*PROBLEM REQUIREMENTS*
Each line of the listing below should come back exactly as it is.

====== RECORDS

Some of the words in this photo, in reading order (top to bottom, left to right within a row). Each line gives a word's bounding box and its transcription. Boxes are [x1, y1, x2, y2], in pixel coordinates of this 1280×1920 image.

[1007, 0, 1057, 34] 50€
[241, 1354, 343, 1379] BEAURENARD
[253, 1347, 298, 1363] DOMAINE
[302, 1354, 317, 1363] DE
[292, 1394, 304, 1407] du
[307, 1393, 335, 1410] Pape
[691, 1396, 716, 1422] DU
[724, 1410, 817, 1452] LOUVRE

============

*WRITTEN ANSWER*
Some of the words in this photo, in reading order (top to bottom, left to right within a row). Each line gives a word's bounding box and its transcription. Boxes are [x1, y1, x2, y2], in pixel coordinates of this 1280×1920 image.

[1007, 0, 1057, 34] 50€
[241, 1354, 343, 1379] BEAURENARD
[253, 1347, 298, 1363] DOMAINE
[302, 1354, 317, 1363] DE
[292, 1394, 304, 1407] du
[307, 1393, 335, 1410] Pape
[691, 1396, 716, 1422] DU
[724, 1410, 817, 1452] LOUVRE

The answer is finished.